Para Luís Roberto Barroso, "As leis e atos normativos em geral não poderão existir validamente se incompatíveis com alguma norma constitucional. A Constituição regula tanto o modo de produção das demais normas jurídicas como também delimita o conteúdo que possam ter" [07].

Pelo princípio da unidade tem-se que a Constituição atribui caráter sistemático ao ordenamento jurídico, uma vez que as normas constitucionais, revestidas da natureza de princípios ou regras, com relação de fundamentação a partir daquelas até estas, consistem em fundamento de validade comum de todas as normas jurídicas que integram a mesma ordem constitucional.

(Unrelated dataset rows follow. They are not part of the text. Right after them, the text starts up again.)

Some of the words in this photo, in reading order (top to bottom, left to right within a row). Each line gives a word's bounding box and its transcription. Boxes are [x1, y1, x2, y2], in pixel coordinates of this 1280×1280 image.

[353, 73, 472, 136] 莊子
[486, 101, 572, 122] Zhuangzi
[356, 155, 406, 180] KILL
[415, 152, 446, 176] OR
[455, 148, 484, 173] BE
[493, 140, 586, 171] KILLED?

Luís Roberto Barroso ensina que:

"A ordem jurídica é um sistema, o que pressupõe unidade, equilíbrio e harmonia. Em um sistema, suas diversas partes devem conviver sem confrontos inarredáveis. Para solucionar eventuais conflitos entre normas jurídicas inconstitucionais utilizam-se, como já visto, os critérios tradicionais da hierarquia, da norma posterior e o da especialização. Na colisão de normas constitucionais, especialmente de princípios – mas também, eventualmente, entre princípios e regras e entre regras e regras – emprega-se a técnica da ponderação. Por força do princípio da unidade, inexiste hierarquia entre normas da Constituição, cabendo ao intérprete a busca da harmonização possível, in concreto, entre comandos que tutelam valores ou interesses que se contraponham. Conceitos como o de ponderação e concordância prática são instrumentos de preservação do princípio da unidade, também conhecido como princípio da unidade hierárquico-normativa da Constituição" [08].

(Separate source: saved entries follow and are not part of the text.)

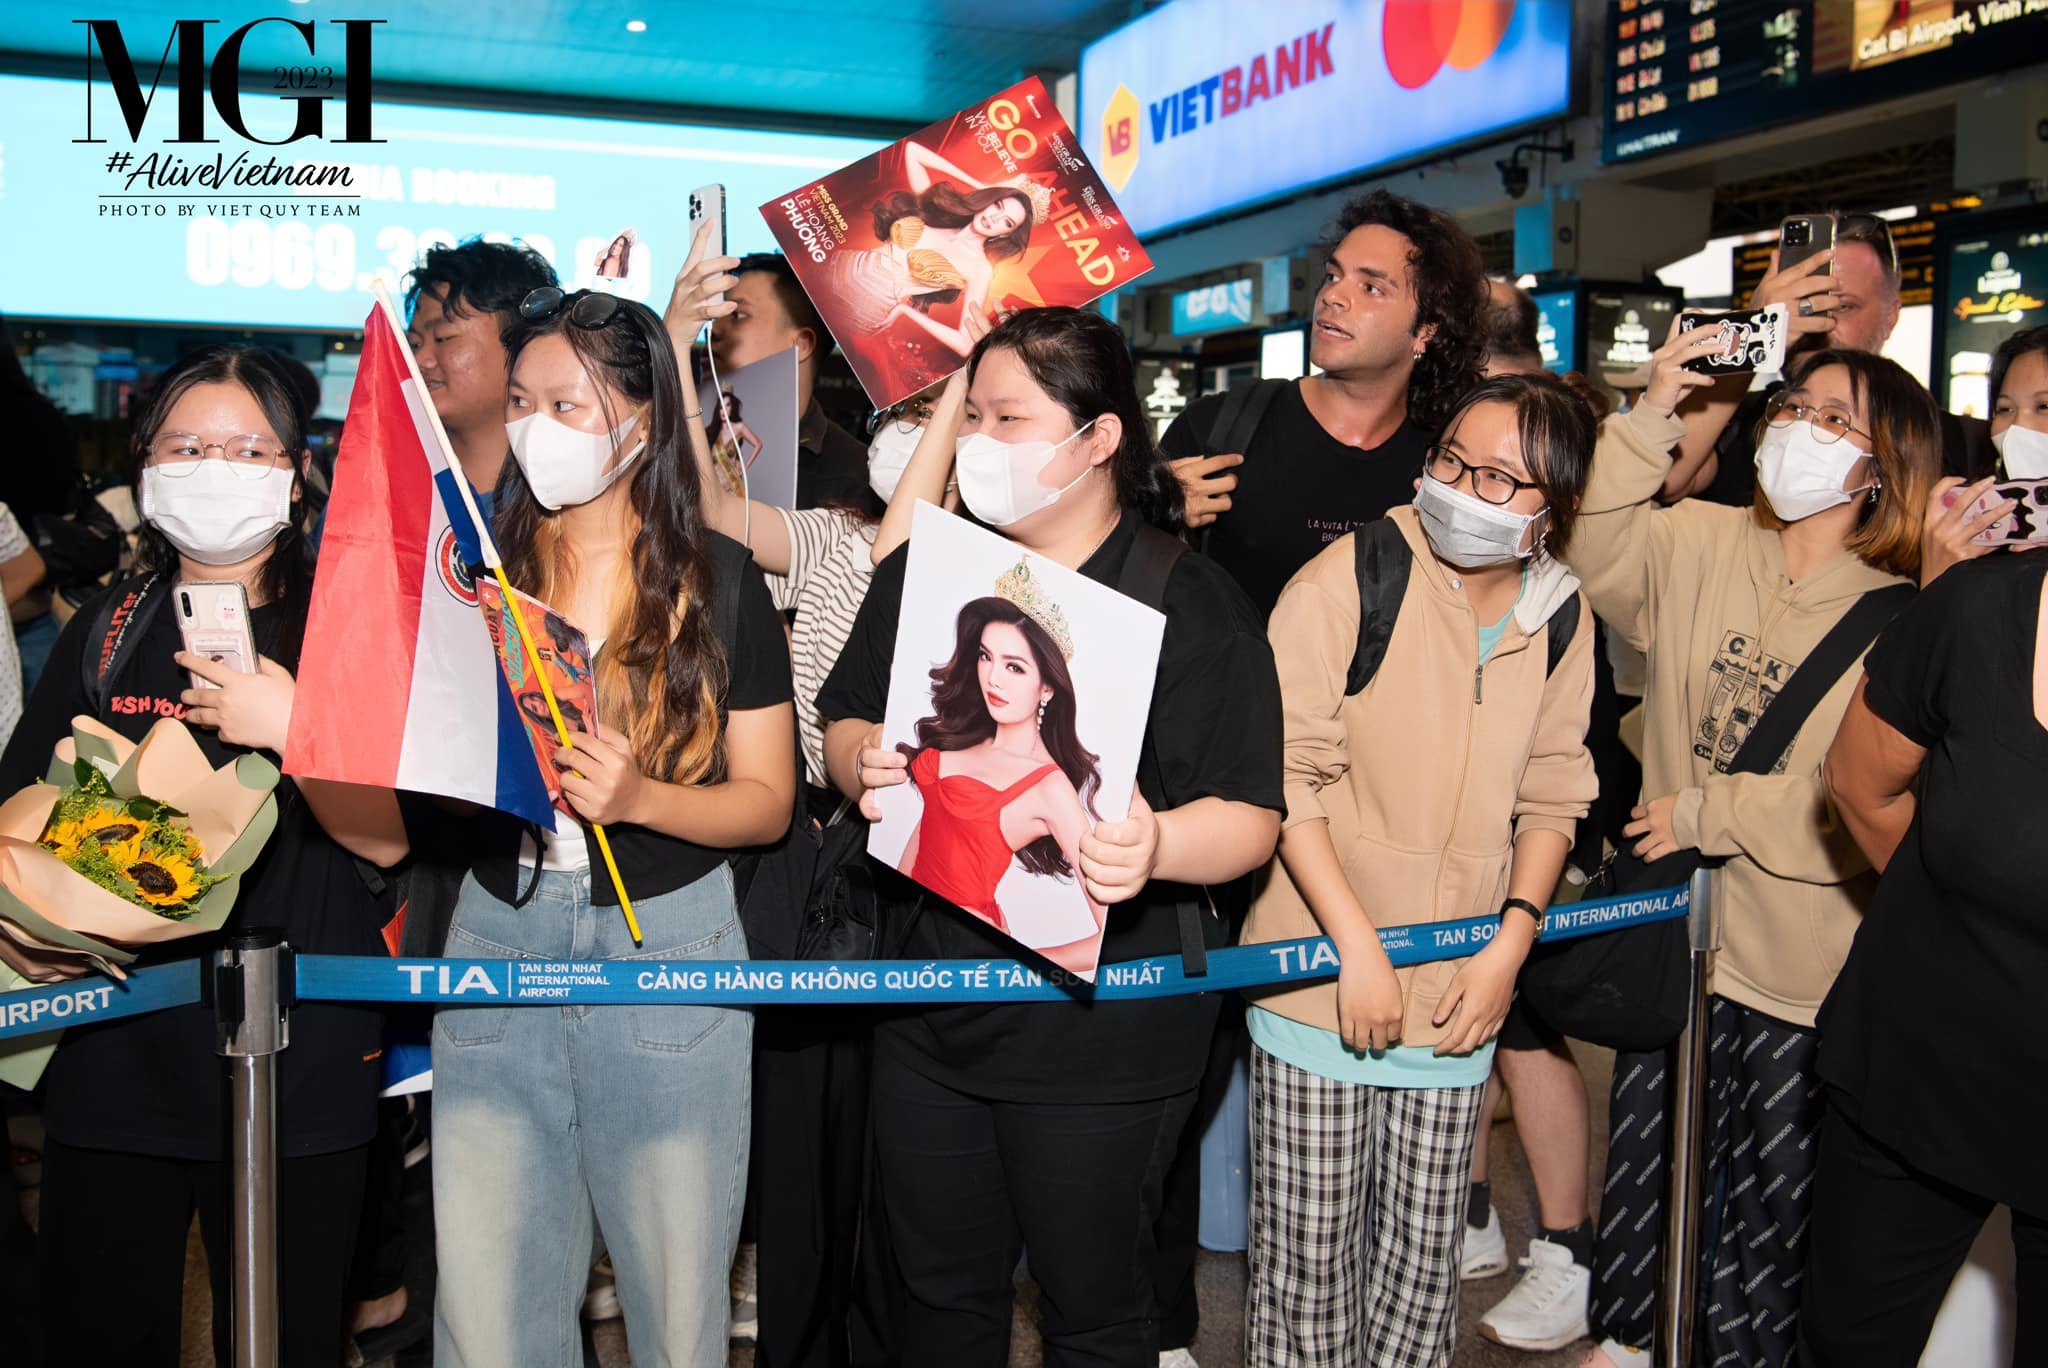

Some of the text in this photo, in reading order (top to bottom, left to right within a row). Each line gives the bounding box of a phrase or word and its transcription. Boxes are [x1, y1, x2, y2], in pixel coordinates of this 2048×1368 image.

[1857, 37, 1887, 61] Cat
[1149, 21, 1336, 145] VIETBANK
[965, 115, 993, 154] IN YOU
[974, 110, 1018, 174] WE BELIEVE
[809, 189, 834, 225] VIETNAM
[817, 184, 848, 231] MISS GRAND
[988, 99, 1115, 286] GO AHEAD
[780, 198, 826, 263] PHƯƠNG
[795, 193, 834, 250] LÊ HOÀNG
[1322, 521, 1343, 530] VITA
[1555, 896, 1669, 929] INTERNATIONAL
[1388, 928, 1409, 940] NHAT
[1433, 928, 1466, 948] TAN
[518, 964, 603, 974] TAN SON NHAT
[1270, 943, 1341, 974] TIA
[397, 965, 499, 995] TIA
[518, 975, 610, 985] INTERNATIONAL
[637, 965, 707, 990] CẢNG
[715, 967, 783, 990] HÀNG
[792, 966, 877, 990] KHÔNG
[884, 963, 953, 989] QUỐC
[960, 963, 991, 988] TẾ
[996, 964, 1042, 988] TÂN
[518, 988, 571, 998] AIRPORT

Calha, aqui, trecho da sentença proferida pela 23ª Junta de Conciliação e Julgamento do Rio de Janeiro em 26/10/1990, no processo RT 1.327/89, citada pelo Desembargador José Nascimento Araújo Netto [09]:

"Ainda abordando tal tópico, trecho do artigo publicado por Arion Romita no supracitado Jornal da LTr, p. 35:

‘Não se controverte que o processo sistemático de interpretação da lei recomenda o exame em conjunto de todos os dispositivos do mesmo diploma legal, de modo a evitar a antinomia entre eles e de modo que, em atenção à conexidade orgânica, a verdade resulte do contexto e não de cada parte considerada isoladamente.

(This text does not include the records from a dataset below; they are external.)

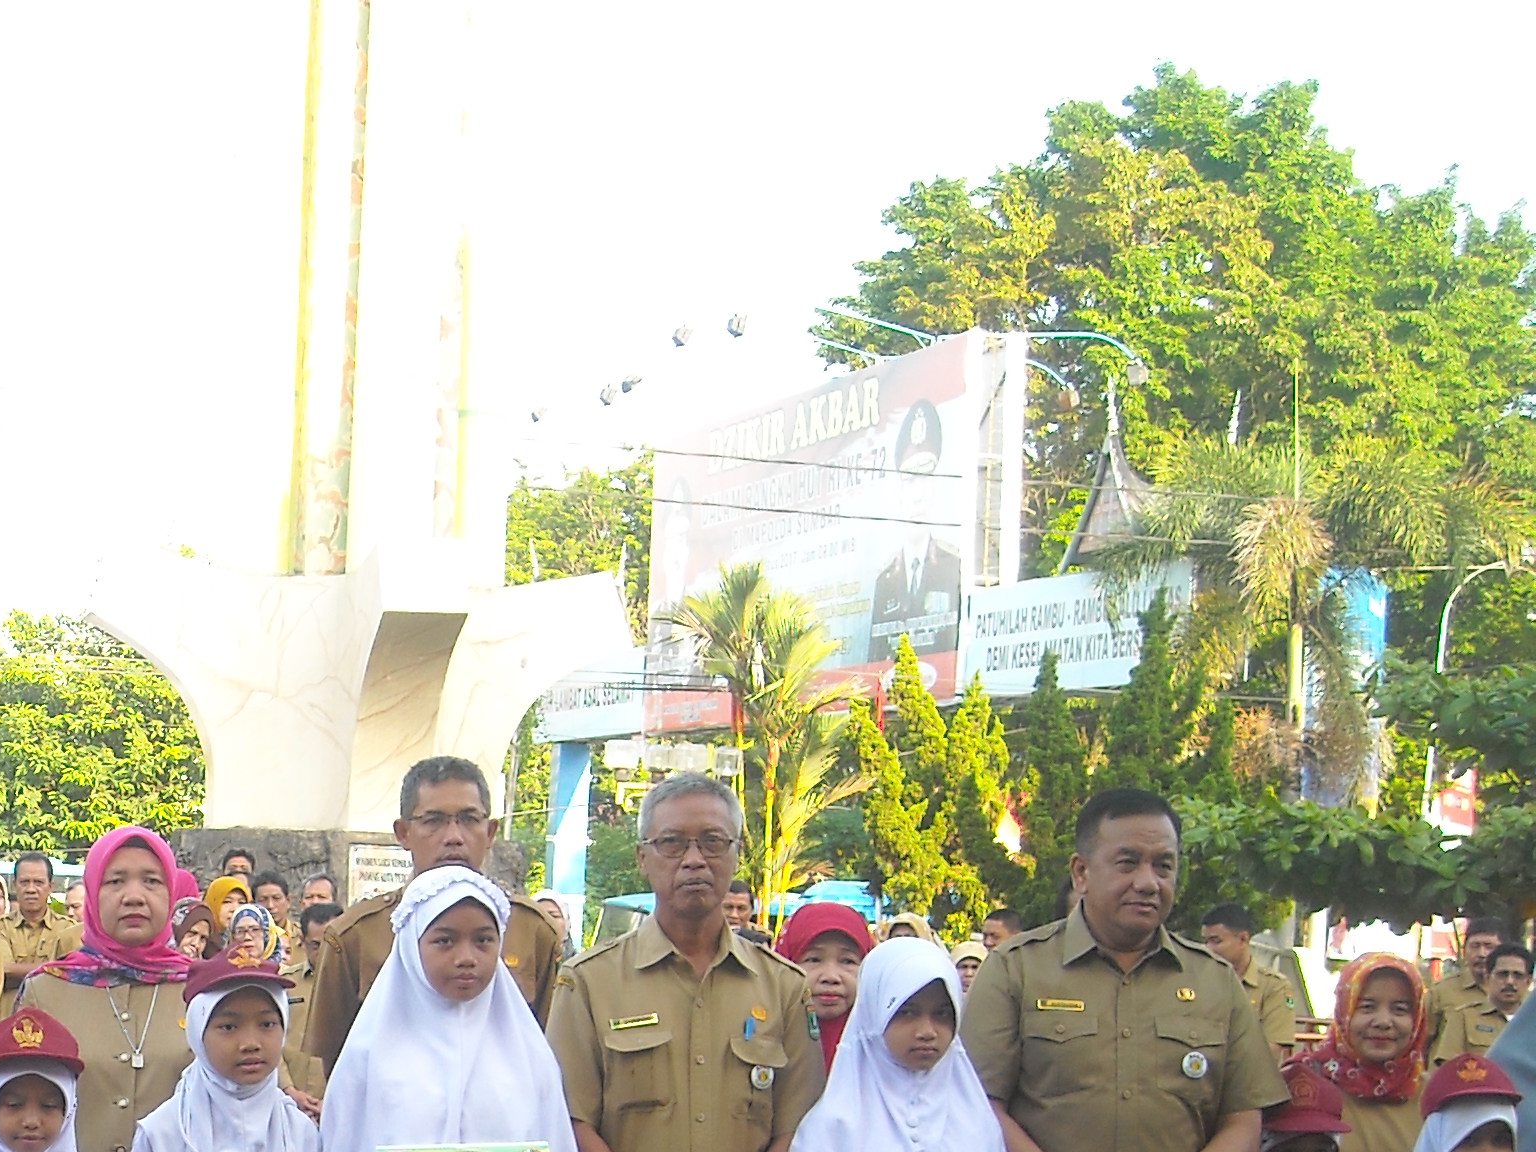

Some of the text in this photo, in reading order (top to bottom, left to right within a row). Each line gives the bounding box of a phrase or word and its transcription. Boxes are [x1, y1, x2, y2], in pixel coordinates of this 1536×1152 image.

[707, 377, 880, 475] DZIKIR AKBAR
[798, 463, 824, 502] HUT
[746, 515, 793, 547] MAPOLDA
[797, 503, 841, 535] SUMBAR
[975, 607, 1028, 639] PATUHILAH
[1030, 602, 1065, 631] RAMBU
[1073, 590, 1107, 626] RAMB
[986, 645, 1009, 672] DEMI
[1085, 633, 1109, 661] KITA
[1111, 628, 1143, 658] BERS

INCIVILE EST. NISI TOTA LEGE PERESPECTA, UMA ALIQUA PARTICULA ELUS PROPOSITA, INDICARE VEL RESPONDERE – é contra o Direito julgar ou emitir parecer, tendo diante dos olhos, ao invés da lei, em conjunto, só uma parte dela (Celso)’" [10].

O princípio da máxima efetividade impõe que à norma constitucional, sujeita à atividade hermenêutica, deve ser atribuído o sentido que maior eficácia lhe conceda, sendo vedada interpretação que lhe diminua ou suprima a finalidade.

Outro não é o ensinamento de Canotilho:

"a uma norma constitucional deve ser atribuído o sentido que maior eficácia lhe dê" [11].

O princípio da proporcionalidade, associado ao sistema jurídico alemão, ou da razoabilidade, que remonta ao sistema jurídico anglo-saxão, pode "funcionar como a medida com que uma norma deve ser interpretada no caso concreto para a melhor realização do fim constitucional nela embutido ou decorrente do sistema", tal como nos apresenta Luís Roberto Barroso, que complementa:

"O princípio pode operar, também, no sentido de permitir que o juiz gradue o peso da norma, em uma determinada incidência, de modo a não permitir que ela produza um resultado indesejado pelo sistema, assim fazendo justiça no caso concreto" [12].

Tecidas tais considerações, sabemos que o inciso XXVI do art. 7º da CR prevê o reconhecimento e o respeito aos acordos coletivos e às convenções coletivas de trabalho.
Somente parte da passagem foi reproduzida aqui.